The issue I have with this is that if any other argument was provided in parse_options then it will be silently ignored.

Say someone is calling the following:

nw.read_csv(file, separator=",", parse_options=csv.ParseOptions(ignore_empty_lines=False)

Then at the end of validate_separator_pyarrow, we will end up with csv.ParseOptions(delimiter=separator, ignore_empty_lines=True) (i.e. the default value), silently.

I agree that hardcoding fields as suggested in #2989 (review) is not ideal, yet pyarrow does not provide much else we can use. We could dynamically lookup its __dir__ or use inspect.get_members, exclude dunder methods, but for example we would end up with validate and equals, which are not attribute to set at instantiation.

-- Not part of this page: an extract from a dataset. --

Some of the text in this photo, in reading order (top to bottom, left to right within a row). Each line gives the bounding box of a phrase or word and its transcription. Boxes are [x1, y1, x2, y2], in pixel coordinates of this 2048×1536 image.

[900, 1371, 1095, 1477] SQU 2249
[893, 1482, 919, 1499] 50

Unsuccessful tentatives I tried:

inspect.signature

from inspect import signature
from pyarrow import csv

print(signature(csv.ParseOptions.__init__))

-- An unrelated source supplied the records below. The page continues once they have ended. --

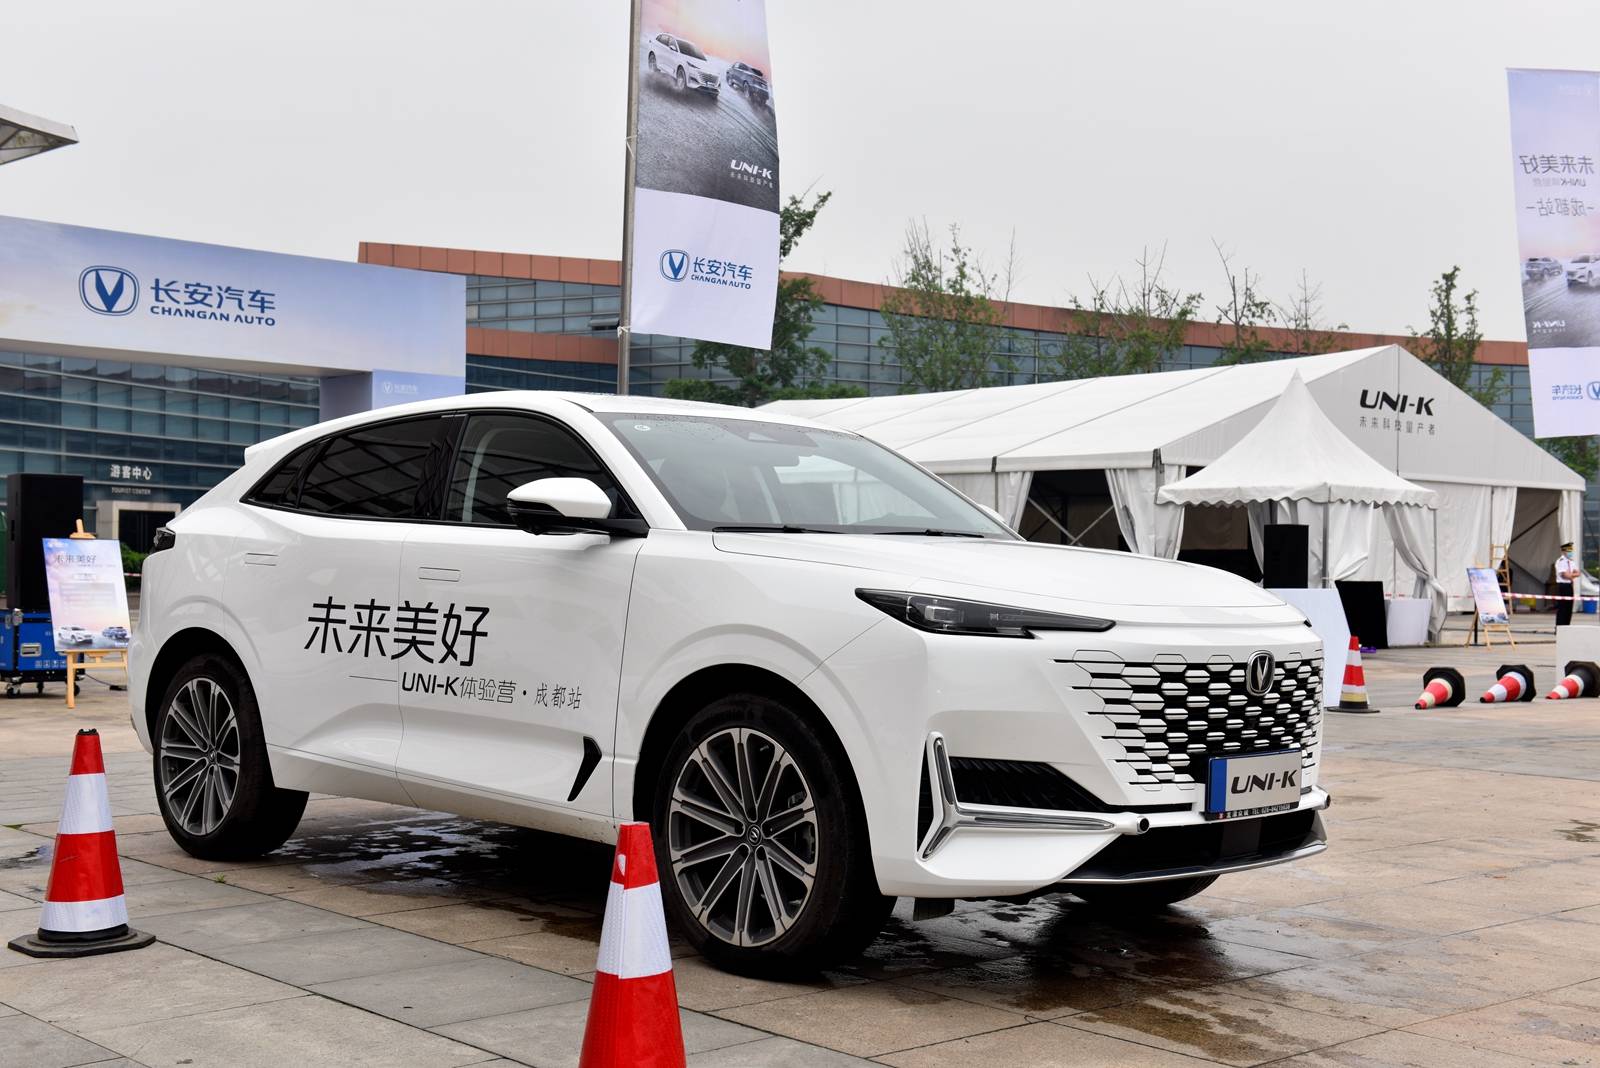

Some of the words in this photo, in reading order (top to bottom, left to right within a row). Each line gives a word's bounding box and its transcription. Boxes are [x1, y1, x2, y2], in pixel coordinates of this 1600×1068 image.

[731, 160, 772, 179] UNI-K
[693, 256, 753, 281] 长安汽车
[691, 274, 728, 286] CHANGAN
[728, 280, 751, 290] AUTO
[150, 278, 276, 314] 长安汽车
[150, 305, 230, 322] CHANGAN
[234, 314, 276, 327] AUTO
[1360, 389, 1435, 416] UNI-K
[1360, 416, 1435, 436] 未来科技量产者
[110, 464, 152, 480] 游客中心
[304, 596, 490, 667] 未来美好
[1231, 769, 1298, 794] UNI-K
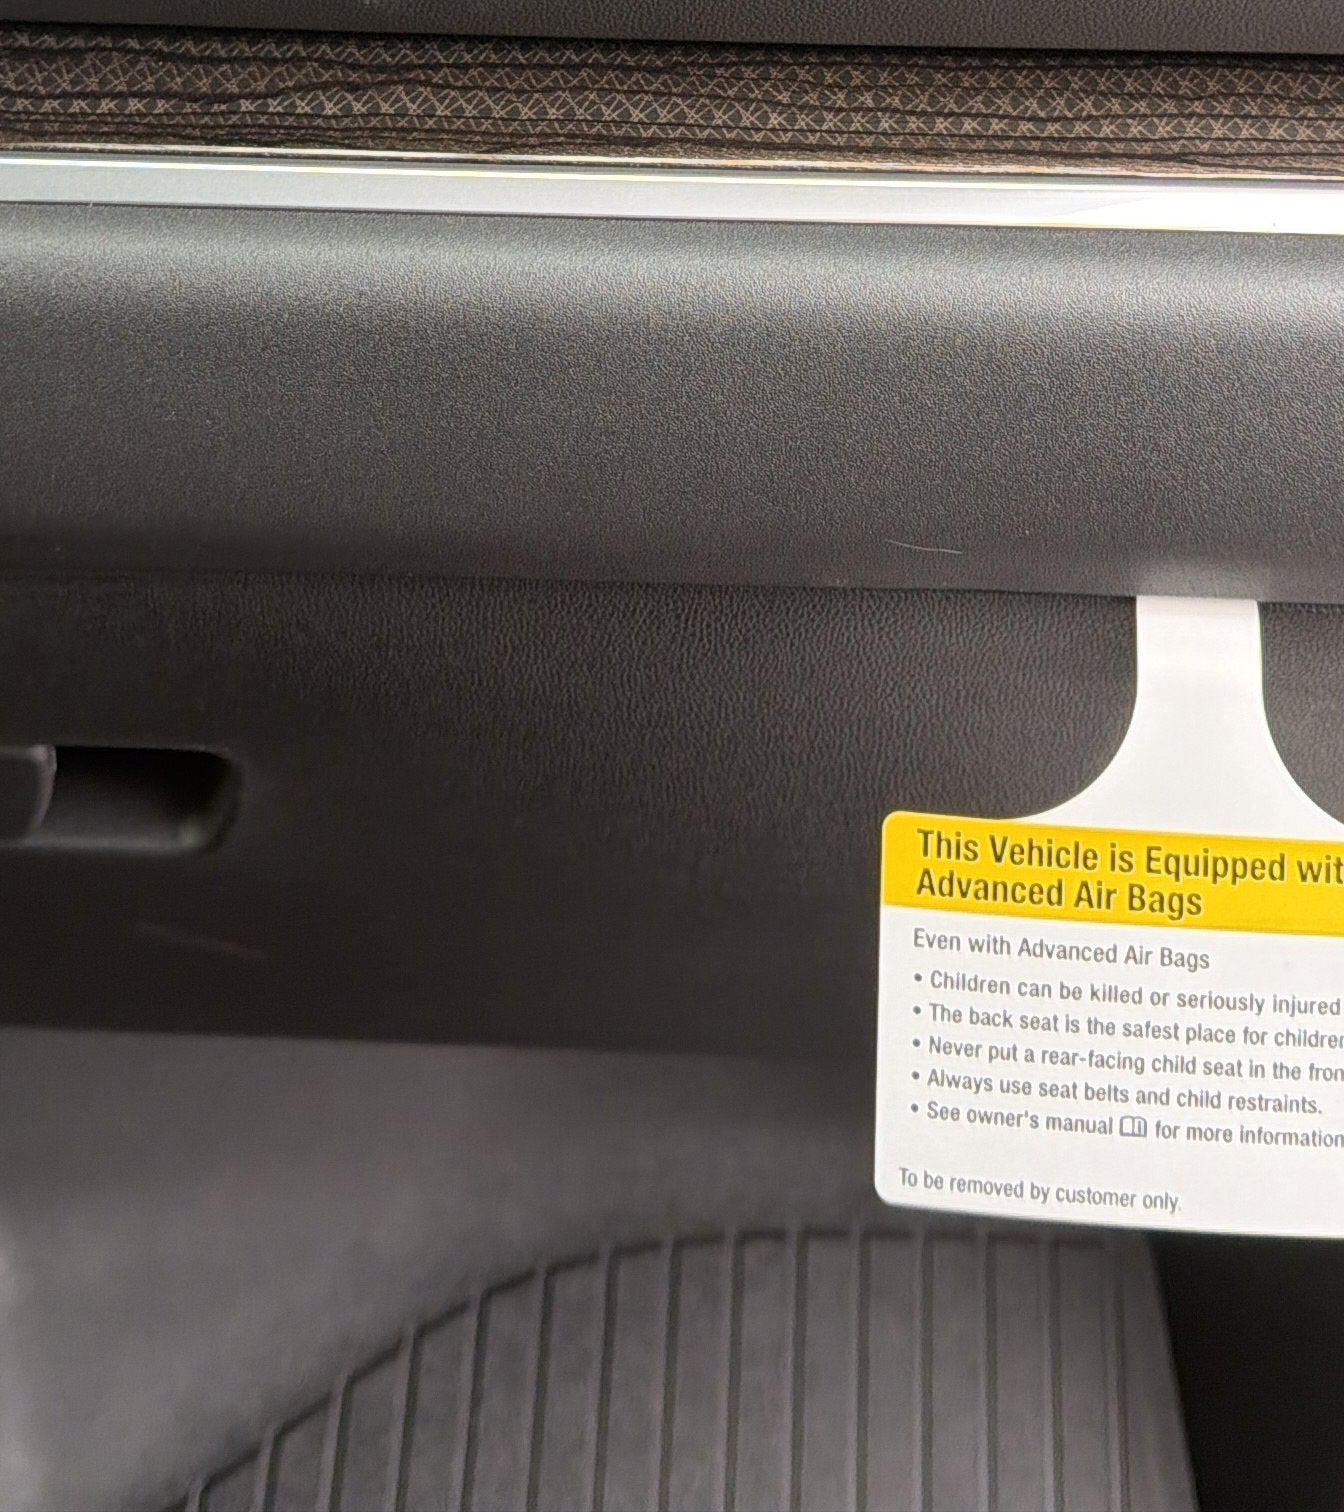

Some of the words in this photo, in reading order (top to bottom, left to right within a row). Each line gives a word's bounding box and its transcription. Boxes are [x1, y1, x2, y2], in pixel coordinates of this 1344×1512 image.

(self, /, *args, **kwargs)

dataclasses.fields

From the stubs I got tricked into thinking that is a dataclass:

from dataclasses import fields
from pyarrow import csv

print(fields(csv.ParseOptions))

TypeError: must be called with a dataclass type or instance

I have mixed feelings as now a pyarrow user should pass both separator=xyz, parse_options=csv.ParseOptions(delimiter=xyz)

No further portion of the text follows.